### Task brief:
What is needed is a word-for-word copy of every record below, minus the pictures.

-- Opening Marker --

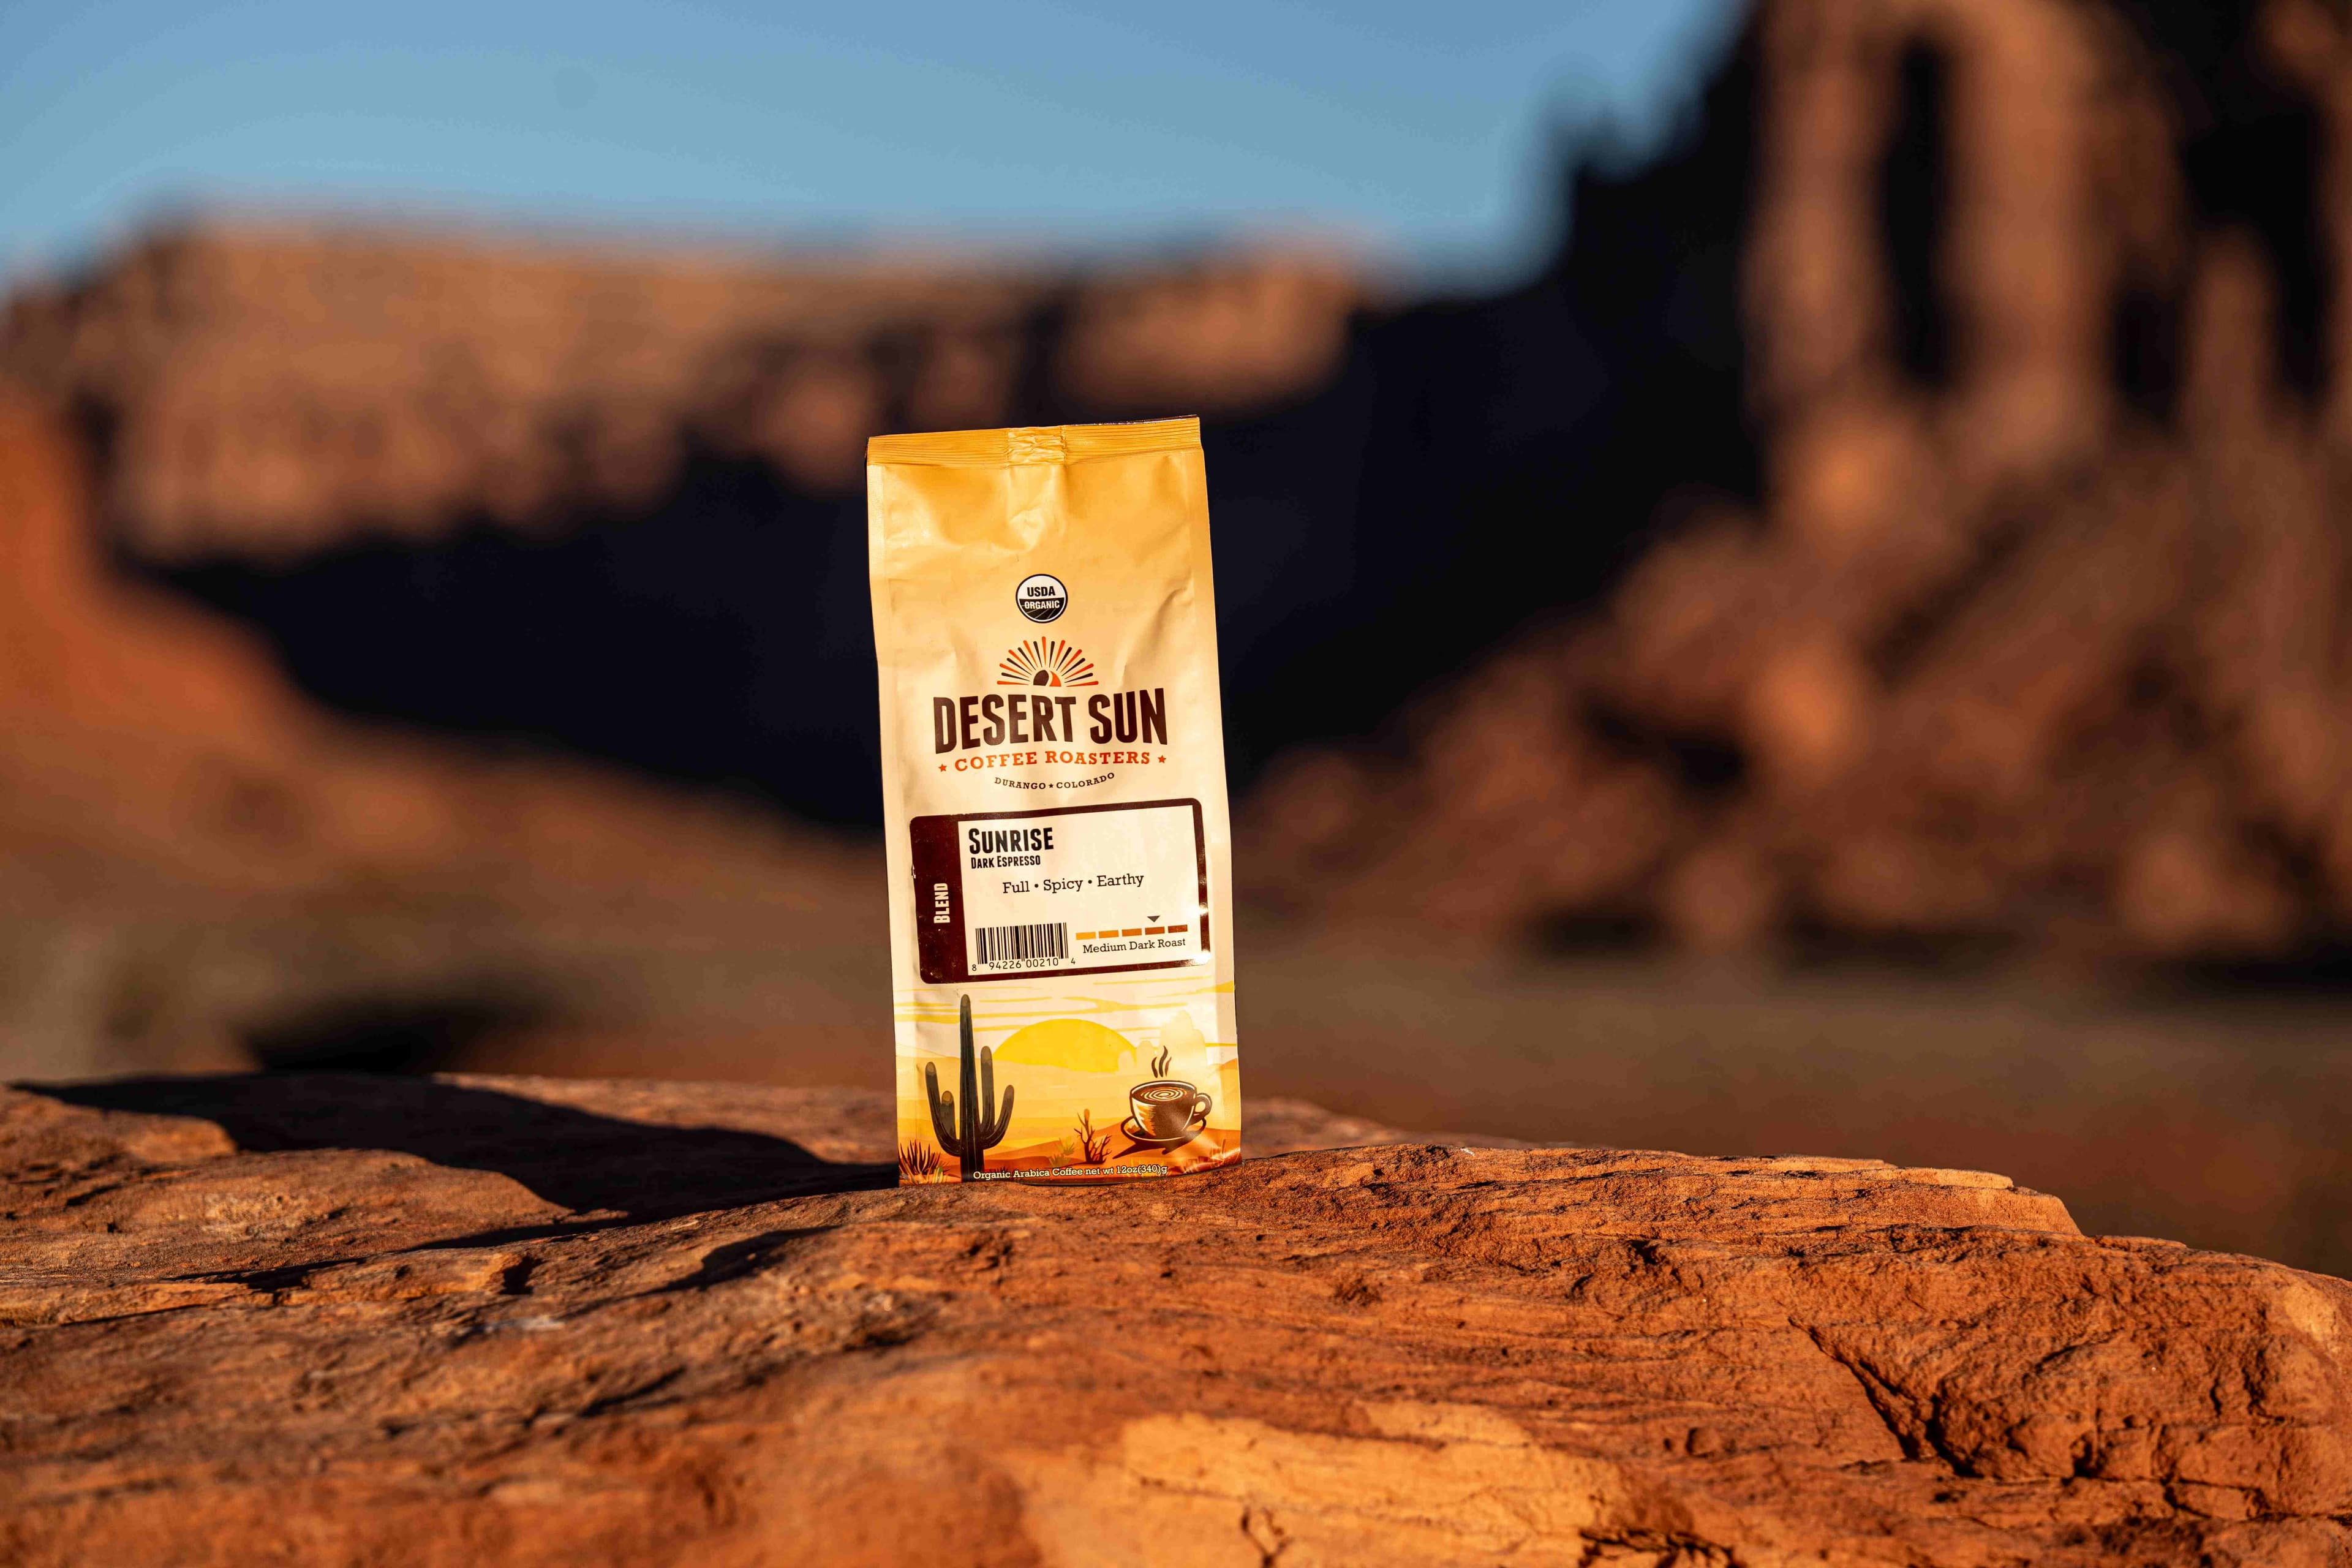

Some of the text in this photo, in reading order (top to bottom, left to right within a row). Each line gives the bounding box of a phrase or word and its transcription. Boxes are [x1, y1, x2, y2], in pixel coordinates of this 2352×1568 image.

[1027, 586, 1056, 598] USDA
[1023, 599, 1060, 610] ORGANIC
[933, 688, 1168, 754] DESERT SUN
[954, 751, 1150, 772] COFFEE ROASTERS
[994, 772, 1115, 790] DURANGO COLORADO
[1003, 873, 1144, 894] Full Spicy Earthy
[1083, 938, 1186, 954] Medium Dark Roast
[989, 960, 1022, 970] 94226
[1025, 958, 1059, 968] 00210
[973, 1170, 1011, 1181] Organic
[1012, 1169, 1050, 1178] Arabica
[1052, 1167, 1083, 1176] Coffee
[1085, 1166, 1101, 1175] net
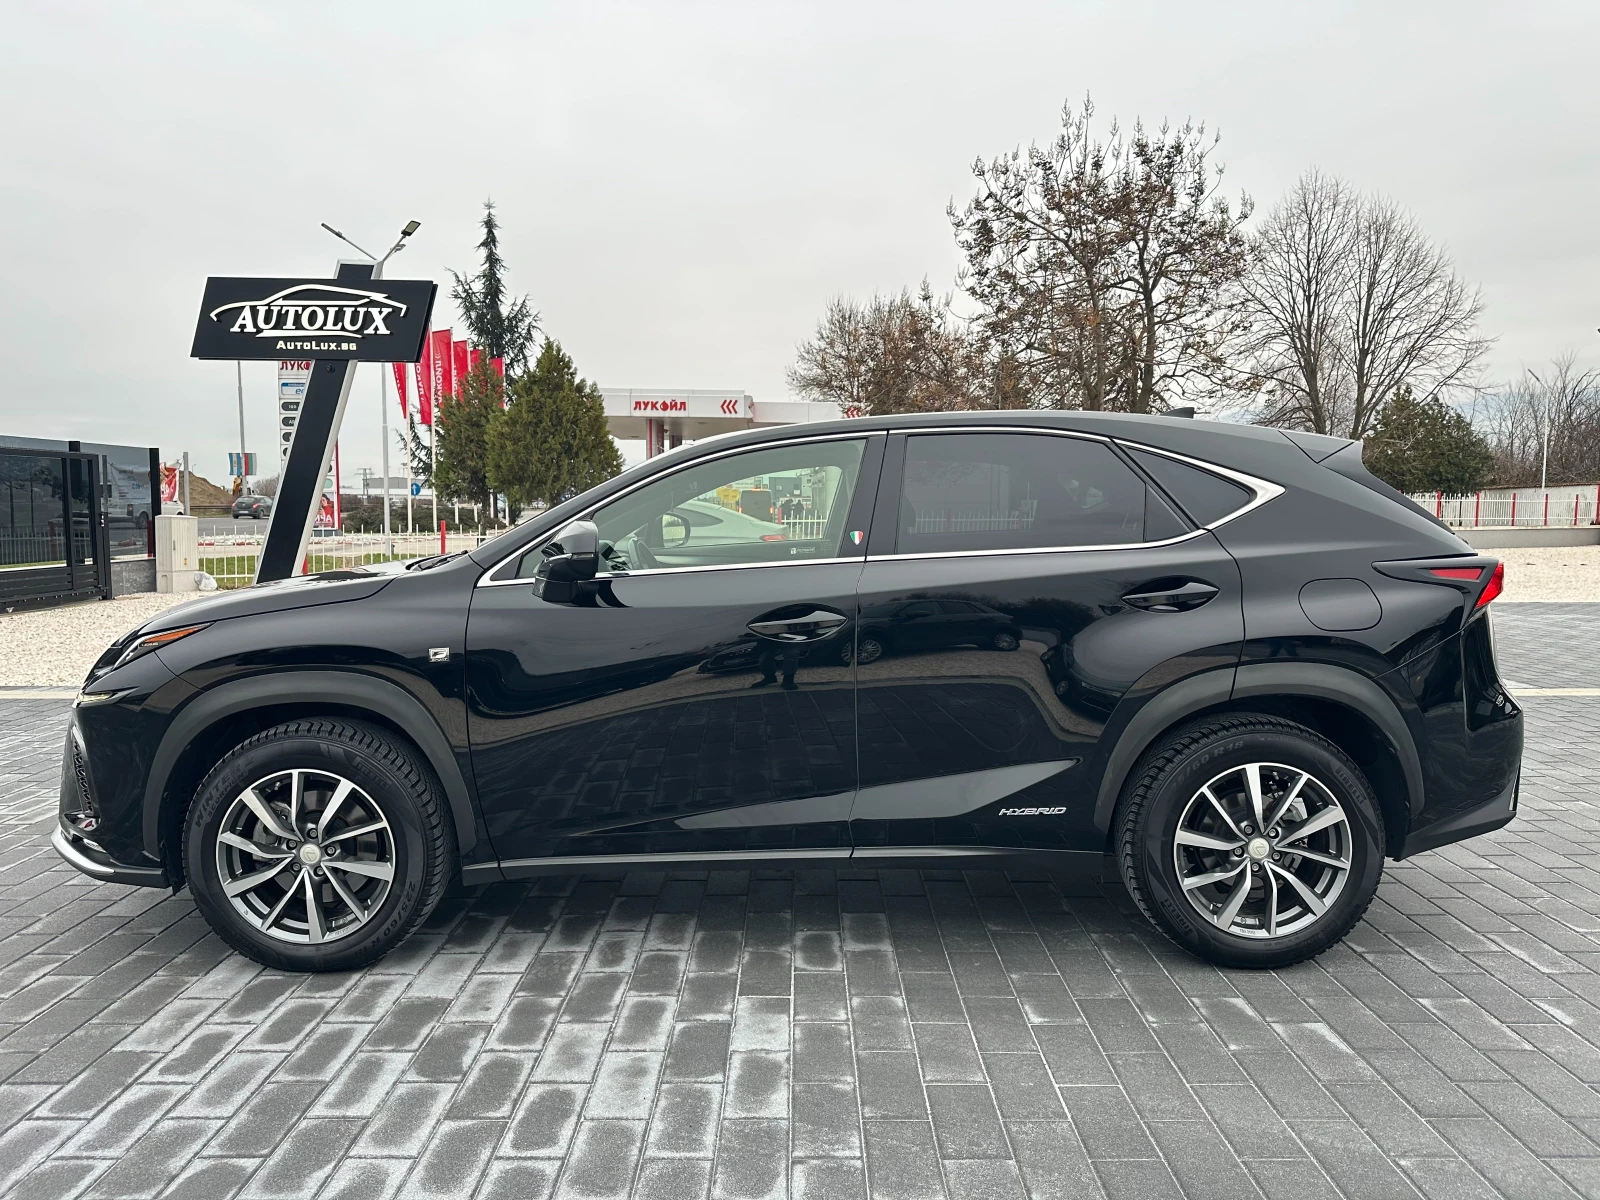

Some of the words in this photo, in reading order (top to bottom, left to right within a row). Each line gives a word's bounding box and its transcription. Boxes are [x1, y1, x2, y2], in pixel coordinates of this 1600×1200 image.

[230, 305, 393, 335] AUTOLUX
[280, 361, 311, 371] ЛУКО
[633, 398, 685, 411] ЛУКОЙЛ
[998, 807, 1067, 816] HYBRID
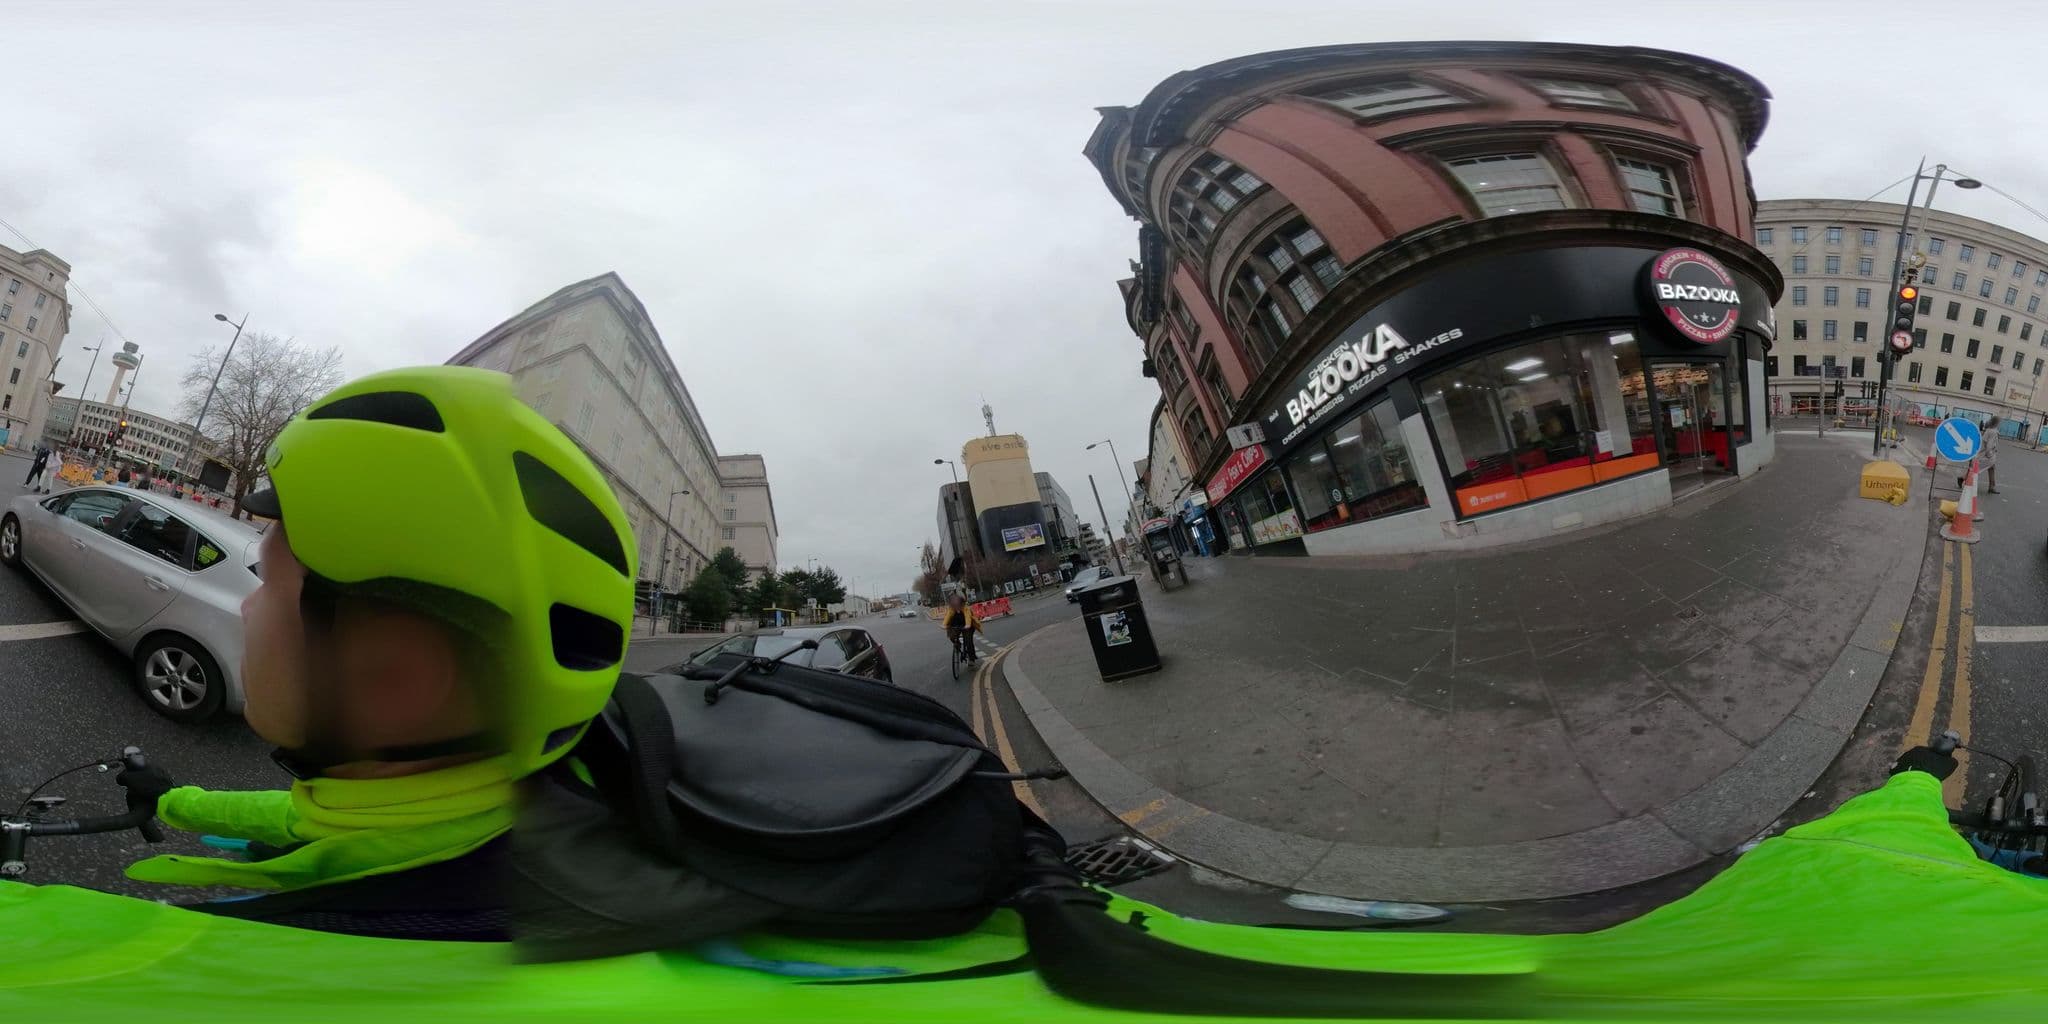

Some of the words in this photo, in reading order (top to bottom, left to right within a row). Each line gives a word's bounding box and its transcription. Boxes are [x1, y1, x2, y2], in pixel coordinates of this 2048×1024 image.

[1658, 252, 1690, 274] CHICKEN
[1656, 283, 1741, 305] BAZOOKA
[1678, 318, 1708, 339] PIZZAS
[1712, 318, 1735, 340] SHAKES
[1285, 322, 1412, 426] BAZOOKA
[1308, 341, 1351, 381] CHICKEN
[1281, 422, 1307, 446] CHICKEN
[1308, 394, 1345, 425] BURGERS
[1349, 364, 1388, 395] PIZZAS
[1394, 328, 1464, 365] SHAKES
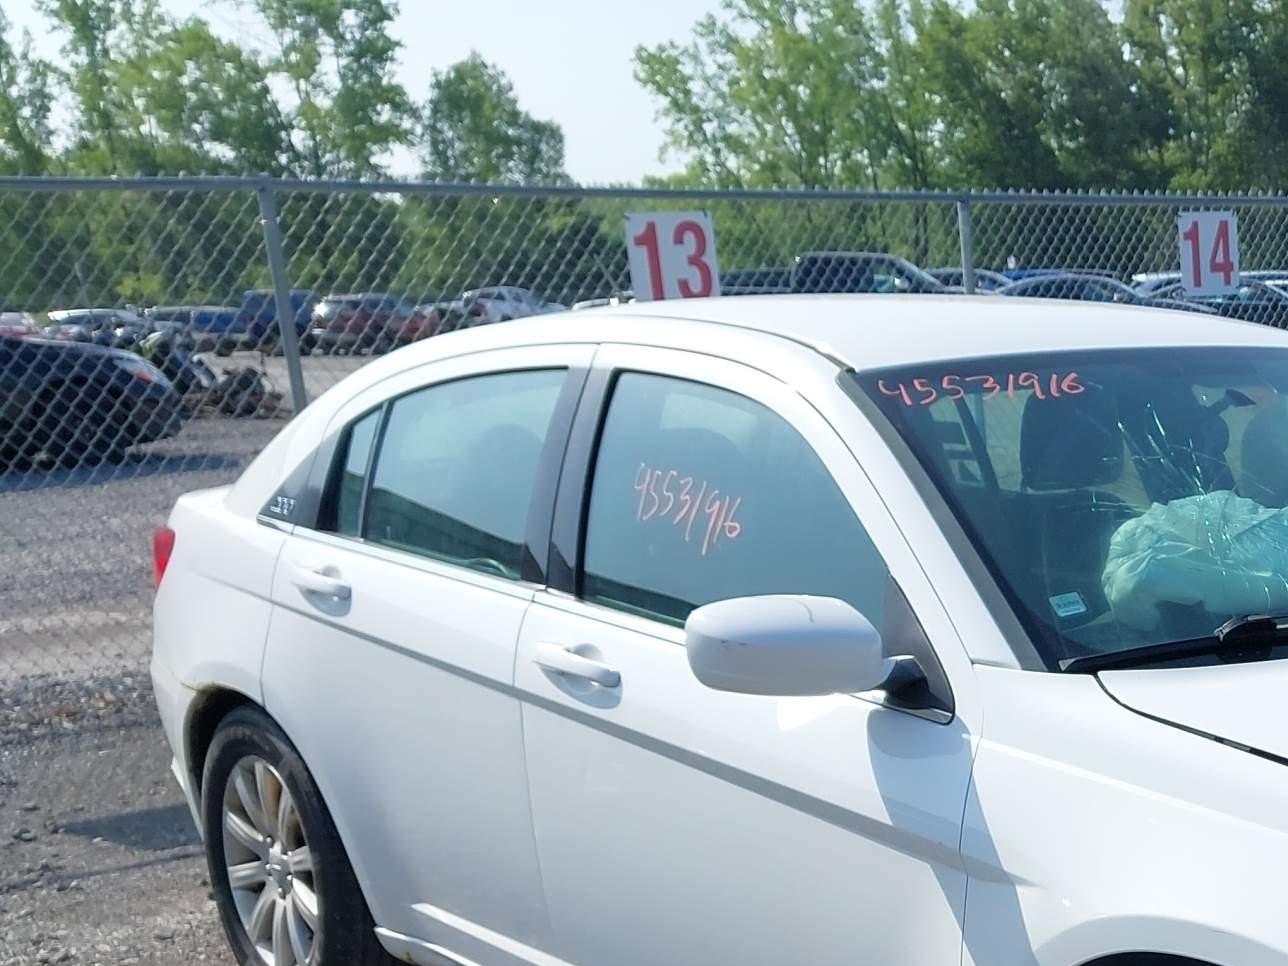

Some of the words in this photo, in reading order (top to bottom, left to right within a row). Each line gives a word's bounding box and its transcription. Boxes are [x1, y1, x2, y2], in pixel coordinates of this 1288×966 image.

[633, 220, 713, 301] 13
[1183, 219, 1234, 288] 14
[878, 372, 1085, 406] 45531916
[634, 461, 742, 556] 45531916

-- Closing Marker --

### Output:
Some of the text in this photo, in reading order (top to bottom, left to right within a row). Each line gives the bounding box of a phrase or word and its transcription. Boxes are [x1, y1, x2, y2], in pixel coordinates of this 2352×1568 image.

[1027, 586, 1056, 598] USDA
[1023, 599, 1060, 610] ORGANIC
[933, 688, 1168, 754] DESERT SUN
[954, 751, 1150, 772] COFFEE ROASTERS
[994, 772, 1115, 790] DURANGO COLORADO
[1003, 873, 1144, 894] Full Spicy Earthy
[1083, 938, 1186, 954] Medium Dark Roast
[989, 960, 1022, 970] 94226
[1025, 958, 1059, 968] 00210
[973, 1170, 1011, 1181] Organic
[1012, 1169, 1050, 1178] Arabica
[1052, 1167, 1083, 1176] Coffee
[1085, 1166, 1101, 1175] net

Some of the words in this photo, in reading order (top to bottom, left to right within a row). Each line gives a word's bounding box and its transcription. Boxes are [x1, y1, x2, y2], in pixel coordinates of this 1600×1200 image.

[230, 305, 393, 335] AUTOLUX
[280, 361, 311, 371] ЛУКО
[633, 398, 685, 411] ЛУКОЙЛ
[998, 807, 1067, 816] HYBRID

Some of the words in this photo, in reading order (top to bottom, left to right within a row). Each line gives a word's bounding box and its transcription. Boxes are [x1, y1, x2, y2], in pixel coordinates of this 2048×1024 image.

[1658, 252, 1690, 274] CHICKEN
[1656, 283, 1741, 305] BAZOOKA
[1678, 318, 1708, 339] PIZZAS
[1712, 318, 1735, 340] SHAKES
[1285, 322, 1412, 426] BAZOOKA
[1308, 341, 1351, 381] CHICKEN
[1281, 422, 1307, 446] CHICKEN
[1308, 394, 1345, 425] BURGERS
[1349, 364, 1388, 395] PIZZAS
[1394, 328, 1464, 365] SHAKES

Some of the words in this photo, in reading order (top to bottom, left to right within a row). Each line gives a word's bounding box and its transcription. Boxes are [x1, y1, x2, y2], in pixel coordinates of this 1288×966 image.

[633, 220, 713, 301] 13
[1183, 219, 1234, 288] 14
[878, 372, 1085, 406] 45531916
[634, 461, 742, 556] 45531916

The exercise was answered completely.